The neonatal immune response to many pathogens is largely immature [1]. At this age, infections are characterized by a high mortality and morbidity [2, 3]. An early diagnosis is crucial because the clinical course may be fulminating, particularly in very low birth weight (VLBW) babies, in whom the onset is often inconspicuous, with minimal, subtle, and nonspecific signs [13]. Isolation of bacteria from central body fluid (usually blood) is the standard test for neonatal systemic infection; however, the result of culture is not available before 24–48 h and is negative in many instances, even in cases of a clear clinical picture of sepsis [46].

Neonatal septicaemia is associated with hyperinflammatory host responses that subtend activation of immune system. A broad spectrum of inflammatory markers has been proposed for the diagnosis of neonatal sepsis [4]. However, most of these markers are mediators of an acquired immunity response, which is largely immature in the neonatal period [4]. On the contrary, innate immunity is fully developed in the first weeks of life, but the potential diagnostic role of components of innate immunity has not been investigated [7, 8].
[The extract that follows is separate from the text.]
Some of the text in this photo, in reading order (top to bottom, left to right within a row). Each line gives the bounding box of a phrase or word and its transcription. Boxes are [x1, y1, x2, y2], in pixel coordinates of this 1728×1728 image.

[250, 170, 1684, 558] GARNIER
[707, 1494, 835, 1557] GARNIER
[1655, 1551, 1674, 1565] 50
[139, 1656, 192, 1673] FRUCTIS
Calprotectin (aka MRP8/14, calgranulin, cystic fibrosis-associated antigen, and S100), a major product of innate immunity cells, is an antimicrobial peptide that protects cells against invasive microorganisms and regulates adhesion of leukocytes to the endothelium and extracellular matrix during the inflammatory process [4, 9]. Calprotectin is released by innate immunity cells immediately after host-pathogen interaction [9] and is detectable in body fluids by means of a simple ELISA technique [10, 11].
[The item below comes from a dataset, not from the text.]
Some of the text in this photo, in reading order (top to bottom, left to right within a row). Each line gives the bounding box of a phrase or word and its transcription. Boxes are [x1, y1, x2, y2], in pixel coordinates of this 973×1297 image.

Calprotectin has been proposed for the diagnosis of many inflammatory conditions [9]. However, its use in the diagnosis of neonatal sepsis remains unexplored. The aim of this study was to investigate the diagnostic power of serum calprotectin (SC) measurement in VLBW infants with sepsis.

2. Materials and Methods

This prospective investigation involved 3 Neonatal Intensive Care Units (NICUs) in the south of Italy over a 24-month enrolment study period. The study protocol was approved by the Ethics Committee of each center. Written informed consent was obtained from the parents of all infants enrolled in the study. The research was not sponsored by any company.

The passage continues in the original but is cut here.